Our position is above the district court, but our capability is not greater for resolving such fact-driven issues, Kagan stated in a opinion co-signed by Justices Sonia Sotomayor and Ketanji Brown Jackson.

Kagan added, This court's stay ensures that Texas's redistricting plan, with all its enhanced favoritism, will dictate next year's elections. And it ensures that many Texas residents, unjustly, will be grouped in electoral districts due to their race. And that result, as this court has stated repeatedly, is a breach of the constitution.

Countrywide Redistricting Battle

The ruling comes amid a countrywide fight over the redrawing of electoral maps. Texas is a crucial component in efforts to alter the U.S. House map to bolster a narrow Republican control. Typically, map-drawing takes place after a ten-year survey. Yet the action by Texas Republicans to initiate a brazen mid-cycle redistricting earlier this year set off a wave among other states.

Republicans in states like North Carolina and Missouri have also passed redistricting plans that could add a number of more GOP-friendly seats. Democratic lawmakers, in response, have pushed back with revised boundaries in including California and Virginia, which are intended to balance those projected gains.

Partisan Responses

The Texas top lawyer hailed the High Court's decision. In a comment, he said the order defended Texas's fundamental right to draw a map that guarantees electoral outcomes favorable to the GOP. We are setting the precedent for restoring our country, through each electoral district and individual state, he remarked.

Conversely, Democratic leaders decried the ruling.
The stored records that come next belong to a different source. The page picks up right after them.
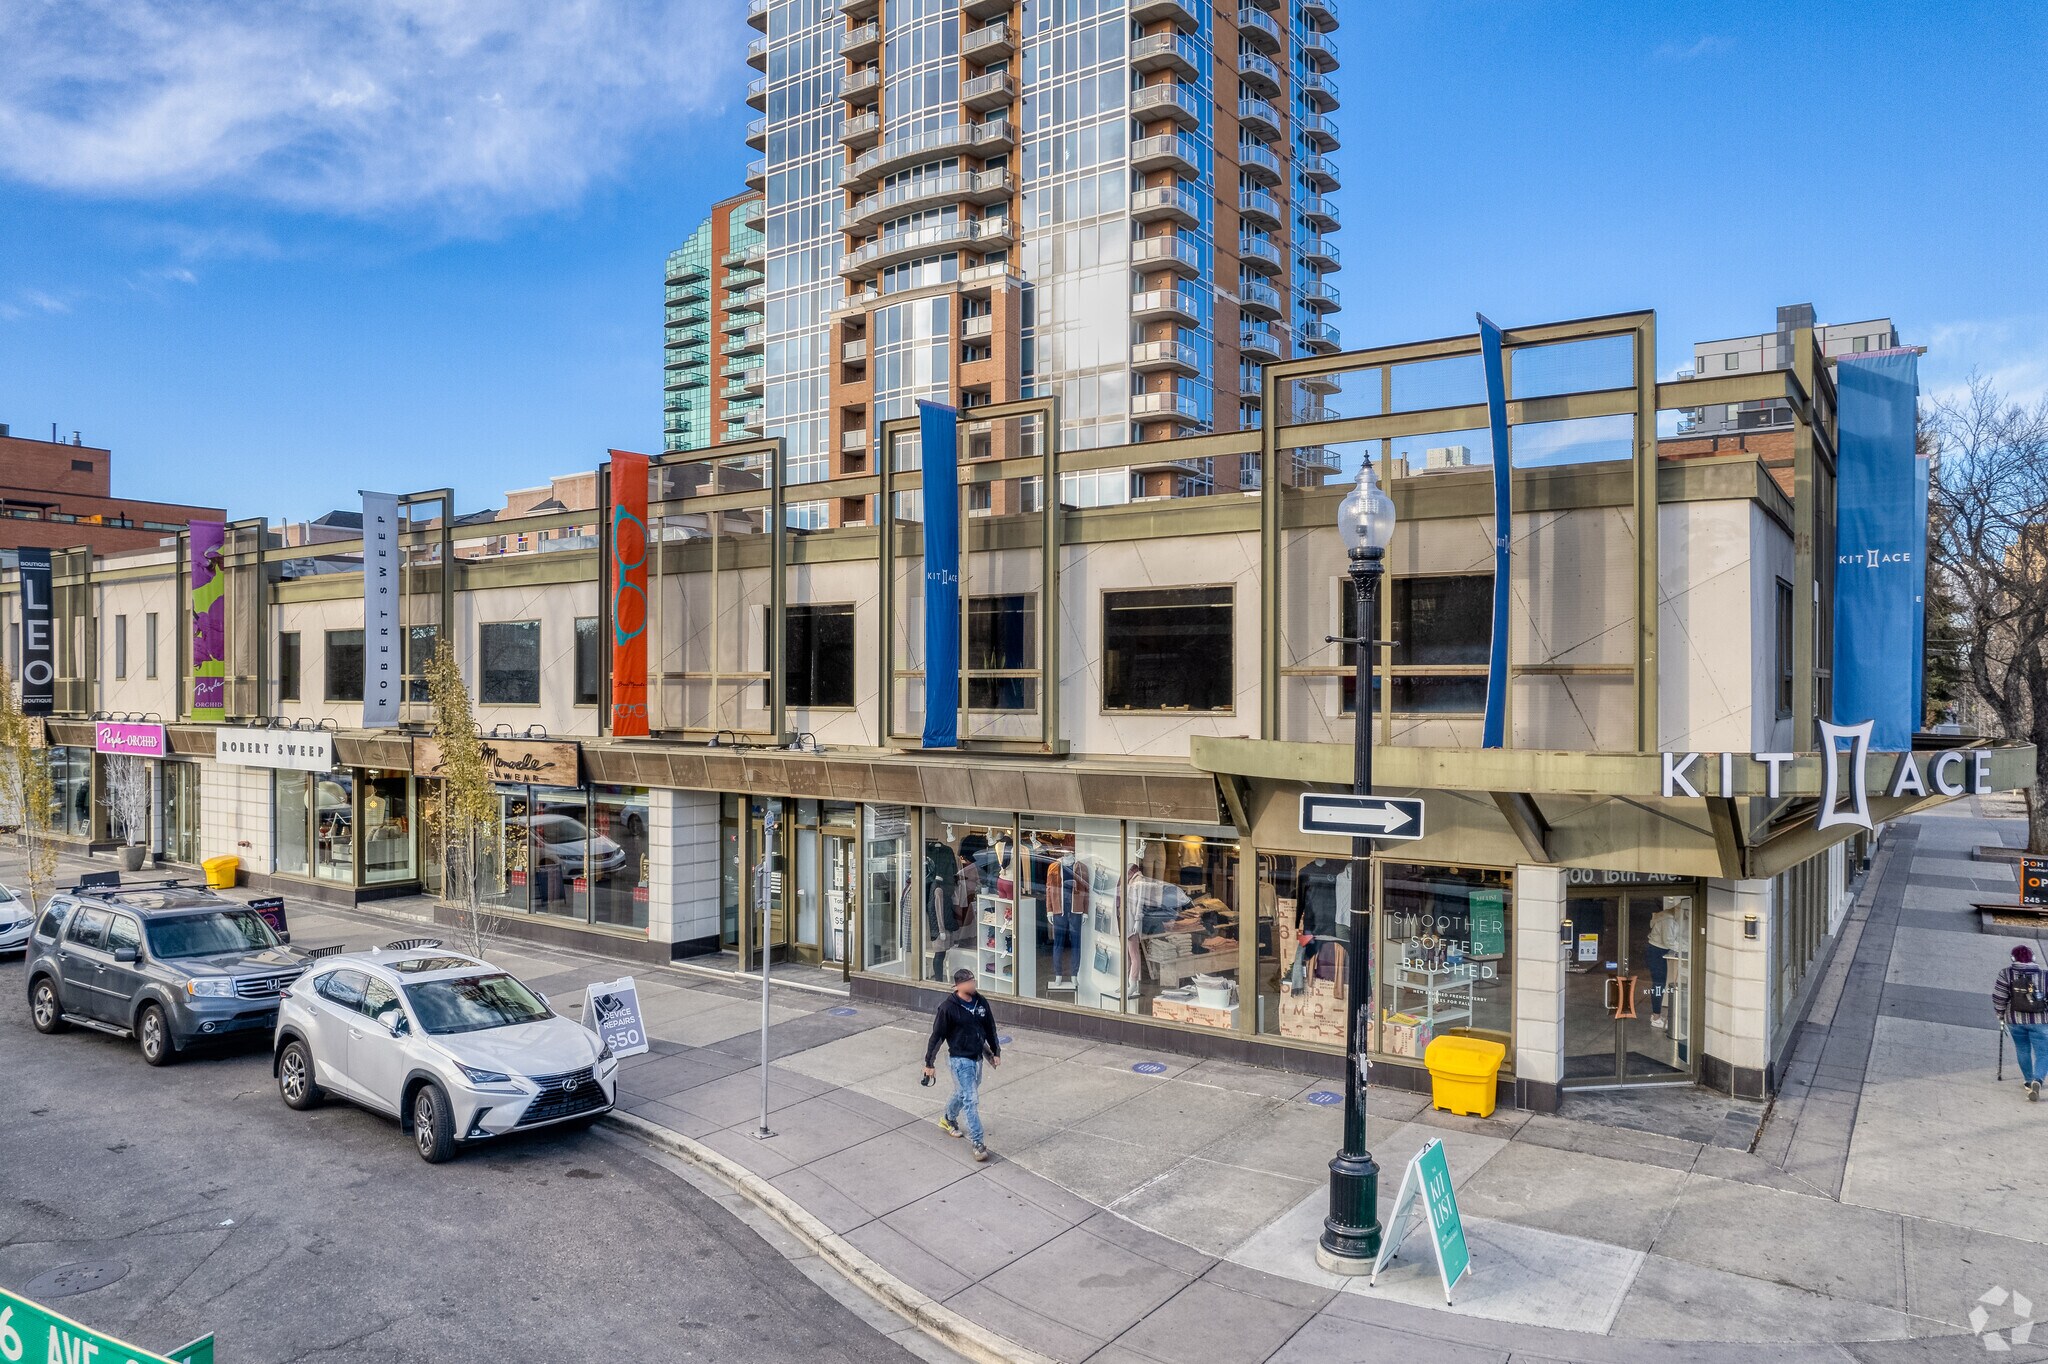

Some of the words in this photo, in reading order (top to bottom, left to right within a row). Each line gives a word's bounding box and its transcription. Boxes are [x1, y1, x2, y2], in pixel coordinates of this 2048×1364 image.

[378, 515, 388, 594] SWEEP
[1840, 555, 1863, 564] KIT
[1882, 553, 1910, 562] ACE
[928, 572, 940, 580] KIT
[379, 610, 388, 706] ROBERT
[126, 734, 159, 748] ORCHID
[222, 741, 269, 754] ROBERT
[278, 743, 324, 758] SWEEP
[1661, 752, 1794, 799] KIT
[1891, 749, 1993, 798] ACE
[1567, 868, 1594, 883] 00
[2024, 896, 2041, 904] 245
[1394, 911, 1502, 934] SMOOTHER
[1411, 935, 1490, 956] SOFTER.
[1402, 957, 1499, 980] BRUSHED.
[603, 1015, 636, 1030] REPAIRS
[604, 1007, 631, 1020] DEVICE
[607, 1029, 640, 1050] $50
[1429, 1170, 1446, 1203] KIT
[1433, 1192, 1453, 1229] LIST
It is deeply disheartening that the Court has endorsed this severely racially gerrymandered plan from Texas Republicans, said the chair of a major Democratic election organization.

A leading Democratic leader said the court had another time shredded its legitimacy by approving a race-based map. This decision from the Court's far-right bloc proves extremists are willing to rig elections. The Texas map is a discriminatory power grab targeting Black and Latino voters, he concluded.